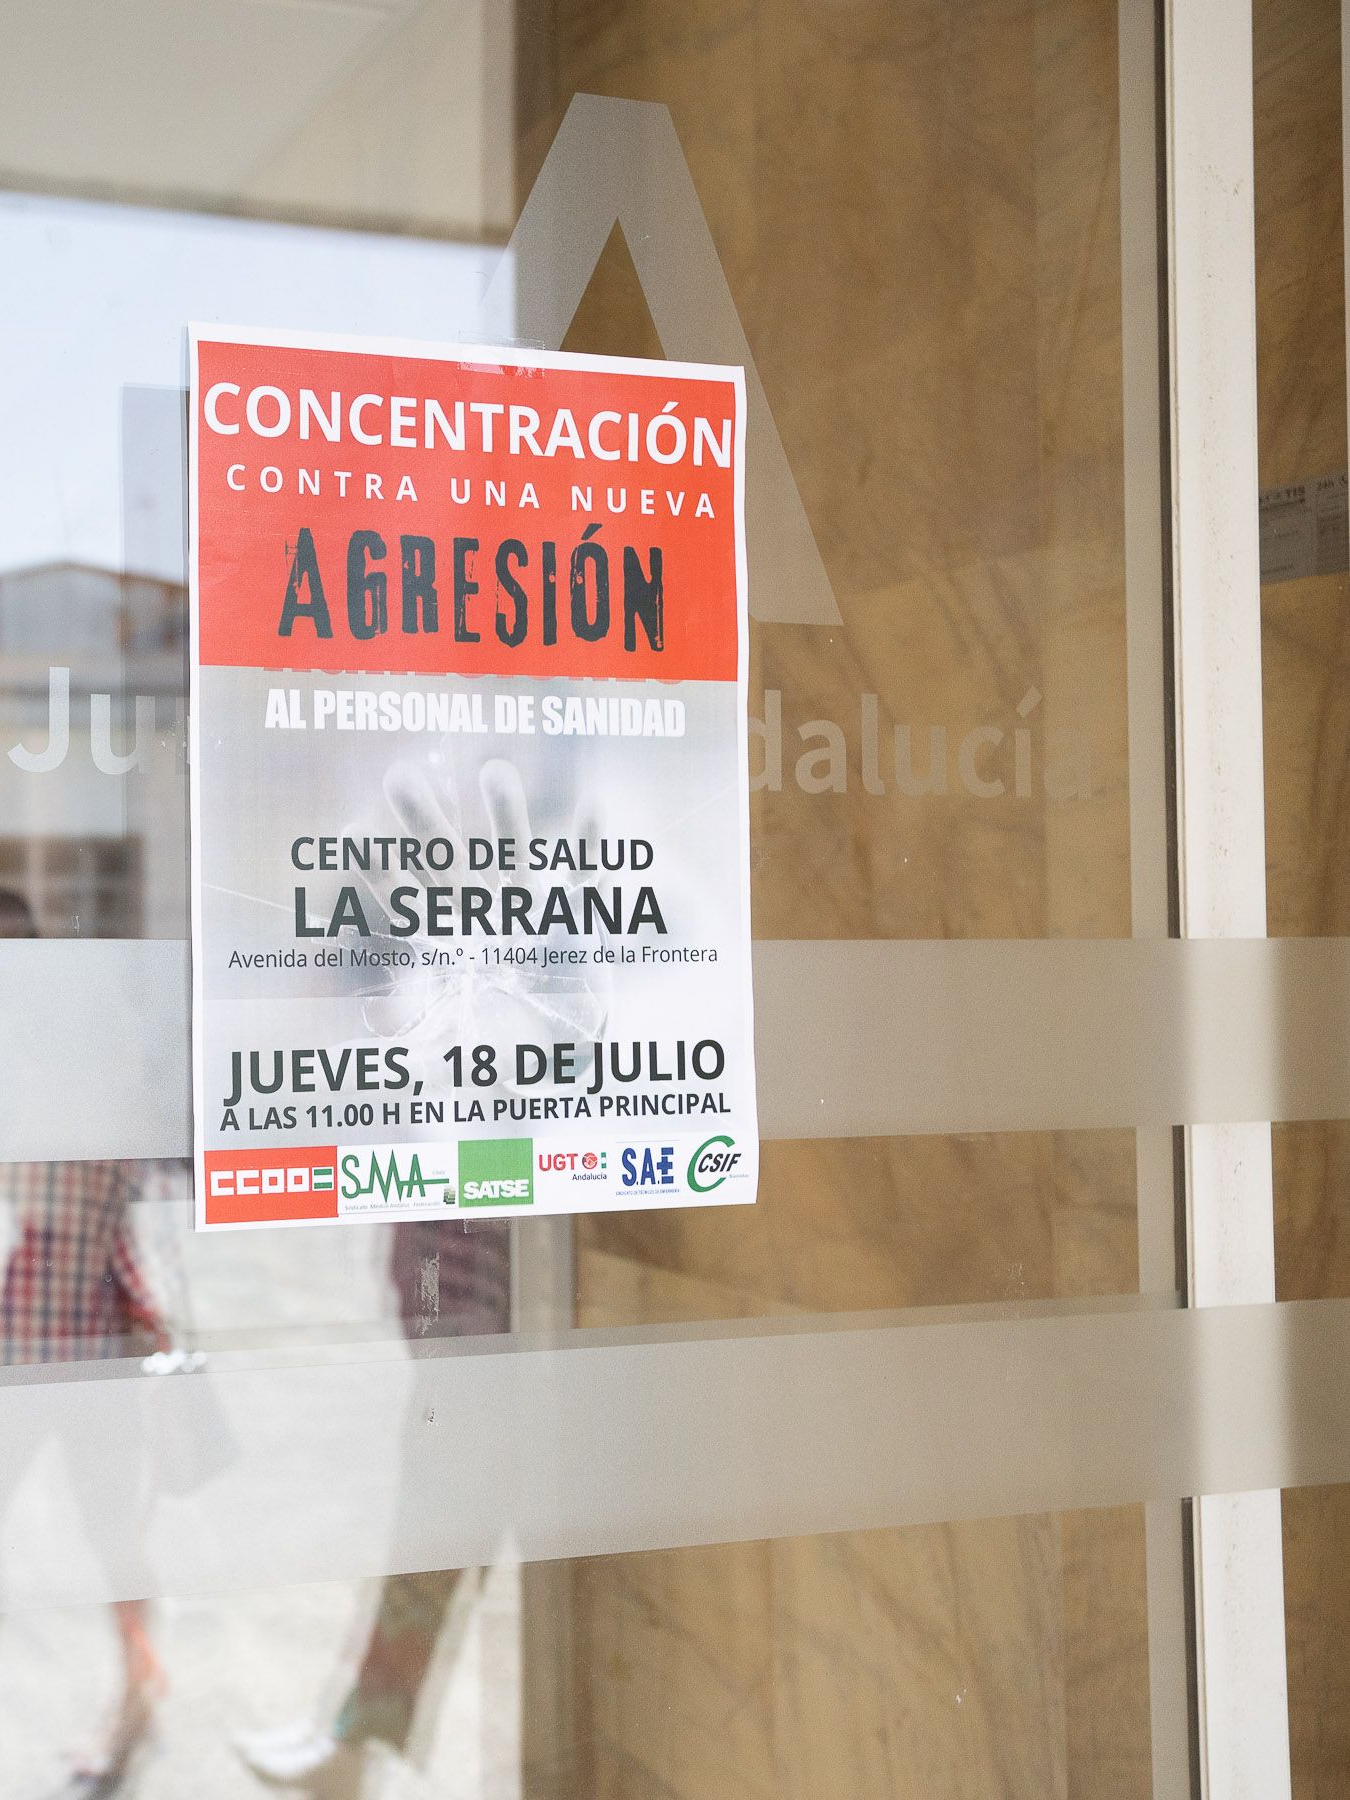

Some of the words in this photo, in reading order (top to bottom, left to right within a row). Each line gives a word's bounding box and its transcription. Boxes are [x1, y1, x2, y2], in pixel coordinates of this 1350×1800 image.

[203, 382, 732, 468] CONCENTRACIÓN
[226, 464, 419, 502] CONTRA
[451, 479, 540, 509] UNA
[571, 486, 715, 519] NUEVA
[277, 523, 664, 652] AGRESIÓN
[264, 688, 306, 729] AL
[314, 689, 487, 733] PERSONAL
[495, 695, 535, 735] DE
[541, 695, 685, 737] SANIDAD
[291, 837, 454, 871] CENTRO
[469, 838, 516, 871] DE
[528, 838, 653, 871] SALUD
[294, 886, 371, 938] LA
[390, 886, 667, 937] SERRANA
[228, 950, 307, 968] Avenida
[313, 949, 344, 968] del
[350, 948, 416, 970] Mosto,
[482, 946, 538, 965] 11404
[541, 947, 588, 968] Jerez
[593, 946, 615, 964] de
[620, 945, 636, 963] la
[642, 945, 718, 963] Frontera
[223, 1046, 425, 1107] JUEVES,
[442, 1044, 496, 1088] 18
[517, 1042, 576, 1086] DE
[588, 1039, 725, 1094] JULIO
[220, 1110, 240, 1131] A
[250, 1106, 298, 1130] LAS
[305, 1103, 374, 1128] 11.00
[383, 1102, 400, 1125] H
[411, 1101, 445, 1124] EN
[454, 1099, 486, 1123] LA
[493, 1096, 591, 1121] PUERTA
[600, 1092, 731, 1118] PRINCIPAL
[538, 1152, 578, 1172] UGT
[572, 1173, 607, 1181] Andalucía
[698, 1153, 741, 1173] CSIF
[210, 1168, 309, 1196] CCOO
[464, 1179, 529, 1200] SATSE

■ ■ ■ ■ ■

**What is being asked**: Please hand back every entry above exactly, with no images in the copy.

**Written response**:
Some of the words in this photo, in reading order (top to bottom, left to right within a row). Each line gives a word's bounding box and its transcription. Boxes are [x1, y1, x2, y2], in pixel coordinates of this 1350×1800 image.

[203, 382, 732, 468] CONCENTRACIÓN
[226, 464, 419, 502] CONTRA
[451, 479, 540, 509] UNA
[571, 486, 715, 519] NUEVA
[277, 523, 664, 652] AGRESIÓN
[264, 688, 306, 729] AL
[314, 689, 487, 733] PERSONAL
[495, 695, 535, 735] DE
[541, 695, 685, 737] SANIDAD
[291, 837, 454, 871] CENTRO
[469, 838, 516, 871] DE
[528, 838, 653, 871] SALUD
[294, 886, 371, 938] LA
[390, 886, 667, 937] SERRANA
[228, 950, 307, 968] Avenida
[313, 949, 344, 968] del
[350, 948, 416, 970] Mosto,
[482, 946, 538, 965] 11404
[541, 947, 588, 968] Jerez
[593, 946, 615, 964] de
[620, 945, 636, 963] la
[642, 945, 718, 963] Frontera
[223, 1046, 425, 1107] JUEVES,
[442, 1044, 496, 1088] 18
[517, 1042, 576, 1086] DE
[588, 1039, 725, 1094] JULIO
[220, 1110, 240, 1131] A
[250, 1106, 298, 1130] LAS
[305, 1103, 374, 1128] 11.00
[383, 1102, 400, 1125] H
[411, 1101, 445, 1124] EN
[454, 1099, 486, 1123] LA
[493, 1096, 591, 1121] PUERTA
[600, 1092, 731, 1118] PRINCIPAL
[538, 1152, 578, 1172] UGT
[572, 1173, 607, 1181] Andalucía
[698, 1153, 741, 1173] CSIF
[210, 1168, 309, 1196] CCOO
[464, 1179, 529, 1200] SATSE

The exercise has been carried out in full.